Das Wort Hute bezeichnete früher eine Weidefläche, auf der das Vieh der gesamten Gemeinde zusammengetrieben wurde. Im Sommmer dienten die großen freistehenden Buchen dem Vieh als Sonnenschutz und im Herbst boten die Buchecker Abwechslung auf dem Speiseplan.
Seit 1967 wurde der Hutebetrieb jedoch eingestellt, sodass die Flächen teilweise verbuschten und vor ca. 20 Jahren freigeschnitten werden mussten. 1937 wurden bereits sieben Buchen zu Naturdenkmälern ausgewiesen.

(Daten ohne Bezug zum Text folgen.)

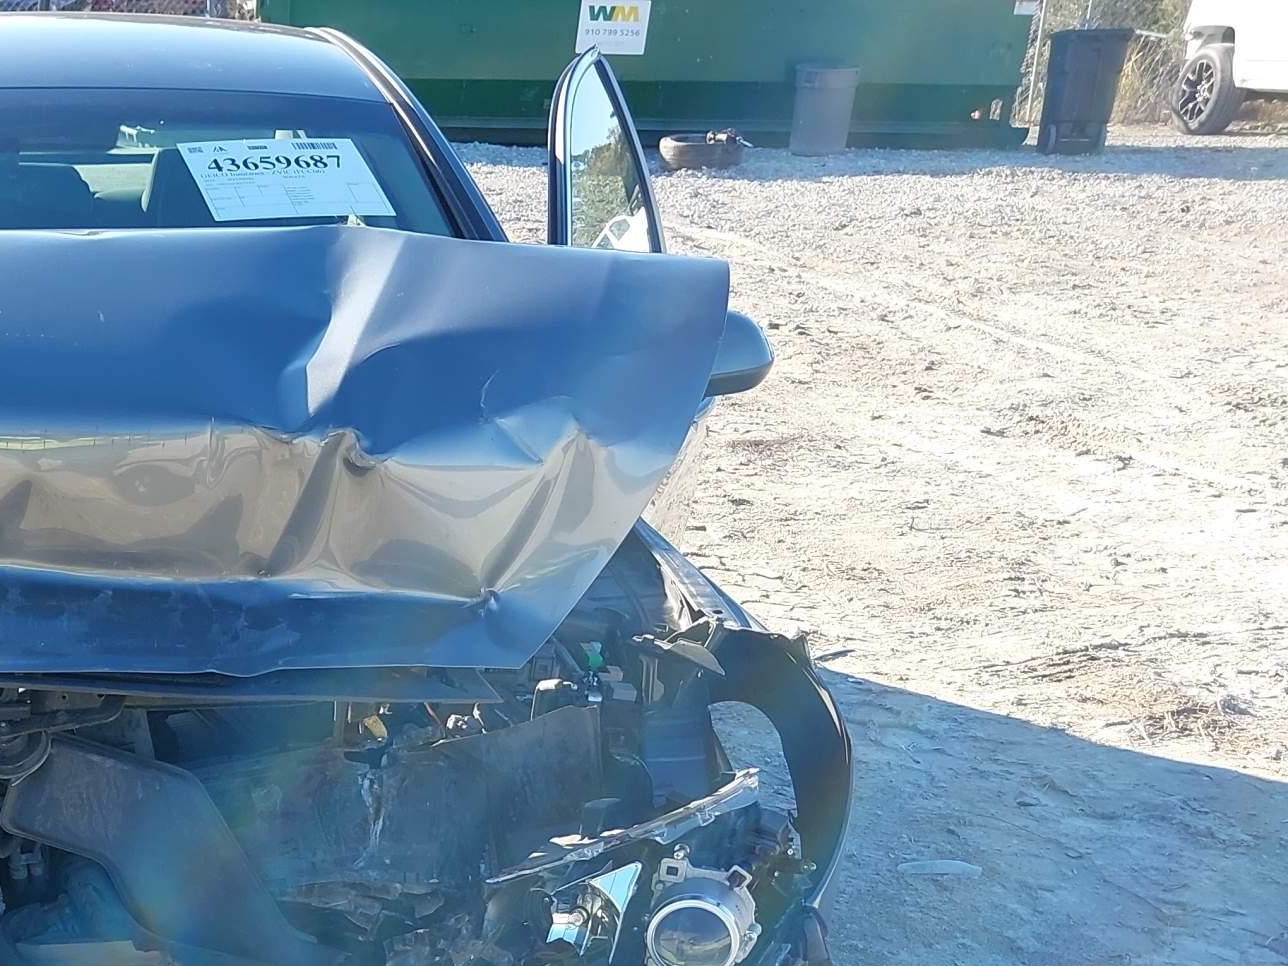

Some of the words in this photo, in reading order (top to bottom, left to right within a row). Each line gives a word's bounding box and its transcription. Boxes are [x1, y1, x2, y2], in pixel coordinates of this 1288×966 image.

[589, 5, 639, 21] WM
[619, 29, 640, 37] 5256
[208, 155, 341, 172] 43659687

In dem 33 Hektar großen Naturschutzgebiet mit dem treffenden Namen "Strickshute" haben die meisten Hutebuchen mit einem Alter von ca. 300 Jahren ihr Höchstalter errreicht, sodass bereits einige Exemplare abgestorben sind. Diese werden jedoch nicht entfernt, da der absterbende Stamm zahreichen Tieren wie Spechten, Eulen und Kleintieren, sowie auch Wildkatzen Nahrung und Unterkunft bietet. In hohlen Astlöchern brüten verschiedene Vogelarten und neue Pflanzen keimen auf dem Totholz.
An der "Genusswanderung" bei herrlichem Wetter fanden sich leider nur vier Teilnehmer zu der von der NABU Ortsgruppe Lixfeld zum fünften hessischen Naturschutztag organisierten Aktion ein.